Then you lose track of which are actual dependencies and which are sub dependencies


It doesn't matter. Pinning means pinning every dependencies and sub dependencies.


Isn't that the same as adding version constraints to setuptools' setup.cfg? [1] pip will use these in its dependency resolver.

You can also constrain the Python version in there if you want.

[1] https://setuptools.pypa.io/en/latest/userguide/quickstart.ht...


Maybe it is the same, but the idea is to take that selected version of the dependency and store a hash checksum for it, so that one can later get the exact same dependencies. Poetry only does not source setup.cfg, but its tool-specific config file. This way it stays out of the way of any other tool.


pip-tools can hash as well: https://pip-tools.readthedocs.io/en/latest/#using-hashes

Using a tool specific config file seems like a design choice with upsides and downsides, which I respect


A Pipfile can store hashes for multiple versions of a package built for multiple architectures; whereas requirements.txt can only store the hash of one version of the package on one platform.

Can a requirements.txt or a Pipfile store cryptographically-signed hashes for each dependency? Which tool would check that not PyPI-upload but package-builder-signing keys validate?

FWIU, nobody ever added GPG .asc signature support to Pip? What keys would it trust for which package? Should twine download after upload and check the publisher and PyPI-upload signatures?


Are cryptographically-signed hashes really necessary in this case (why?)? What would be the secret, which is used for signing?


If the hashes are retrieved over the same channel as the package (i.e. HTTPS), and that channel is unfortunately compromised, why wouldn't a MITM tool change those software package artifact hash checksums too?

Only if the key used to sign the package / package manifest with per-file hashes is or was retrieved over a different channel (i.e. WKD, HKP (HTTPS w/w/o Certificate Pinning (*))), and the key is trusted to sign for that package, then install the software package artifact and assign file permissions and extended filesystem attributes.


From the sigstore docs: https://docs.sigstore.dev/ :

> sigstore empowers software developers to securely sign software artifacts such as release files, container images, binaries, bill of material manifests [SBOM] and more. Signing materials are then stored in a tamper-resistant public log.

/? sigstore sbom: https://www.google.com/search?q=sigstore+sbom

> It’s free to use for all developers and software providers, with sigstore’s code and operational tooling being 100% open source, and everything maintained and developed by the sigstore community.

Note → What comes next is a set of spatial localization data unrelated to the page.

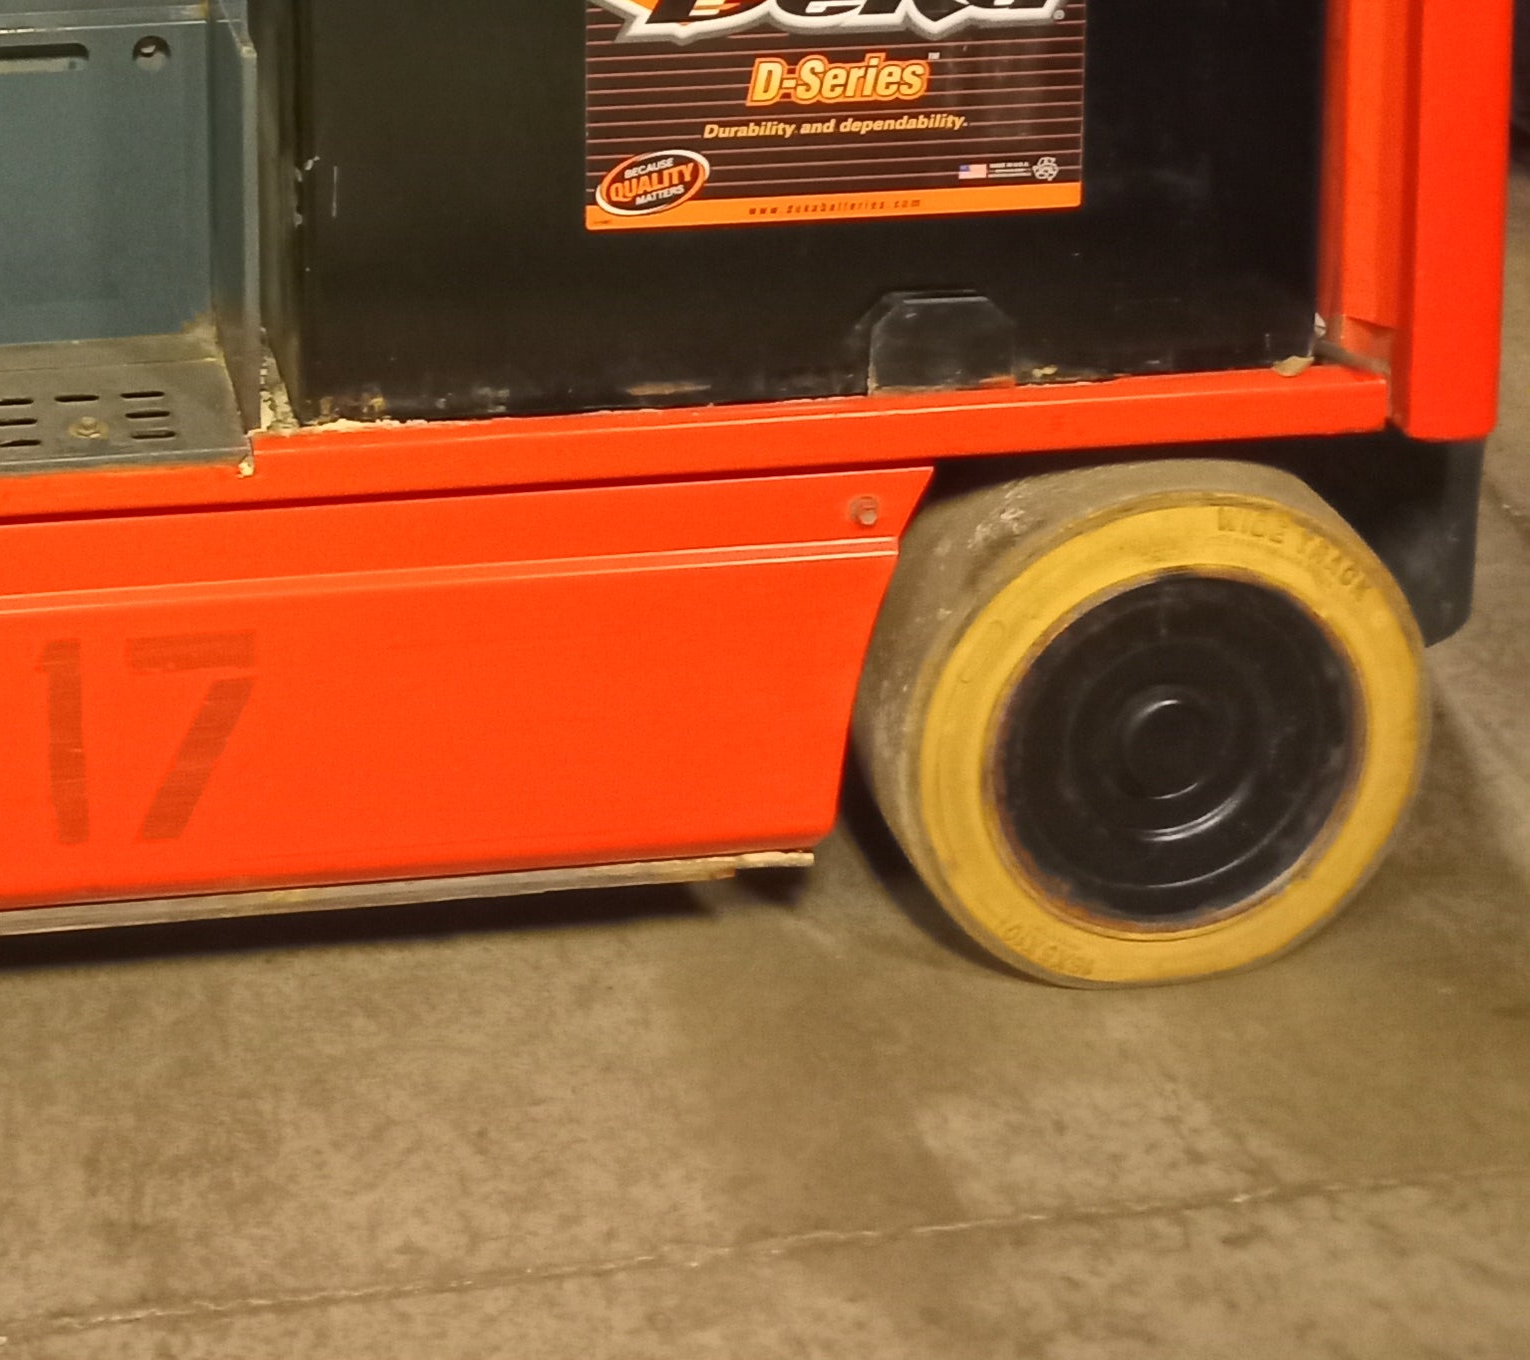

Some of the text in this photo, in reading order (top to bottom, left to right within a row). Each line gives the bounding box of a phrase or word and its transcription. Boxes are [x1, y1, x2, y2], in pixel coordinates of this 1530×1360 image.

[748, 54, 930, 105] D-Series
[703, 120, 796, 139] Durability
[800, 117, 835, 135] and
[609, 162, 695, 202] QUALITY
[624, 157, 675, 179] BECAUSE
[635, 184, 685, 206] MATTERS
[36, 630, 258, 845] 17

> How sigstore works: Using Fulcio, sigstore requests a certificate from our root Certificate Authority (CA). This checks you are who you say you are using OpenID Connect, which looks at your email address to prove you’re the author. Fulcio grants a time-stamped certificate, a way to say you’re signed in and that it’s you.

https://github.com/sigstore/fulcio

> You don’t have to do anything with keys yourself, and sigstore never obtains your private key. The public key that Cosign creates gets bound to your certificate, and the signing details get stored in sigstore’s trust root, the deeper layer of keys and trustees and what we use to check authenticity.

https://github.com/sigstore/cosign

> our certificate then comes back to sigstore, where sigstore exchanges keys, asserts your identity and signs everything off. The signature contains the hash itself, public key, signature content and the time stamp. This all gets uploaded to a Rekor transparency log, so anyone can check that what you’ve put out there went through all the checks needed to be authentic.

https://github.com/sigstore/rekor


Hatch is also interesting and very similar to Poetry.

https://hatch.pypa.io/latest/

In comparison to poetry I think it includes more advanced multi-environment and multi-python-version support and a tox-like testing matrix. It probably gets a little too complex there.

It also works with pyproject.toml

If anyone else has experience with Hatch vs Poetry please share!


You can't lock your dependencies with Hatch.

https://hatch.pypa.io/latest/meta/faq/#libraries-vs-applicat...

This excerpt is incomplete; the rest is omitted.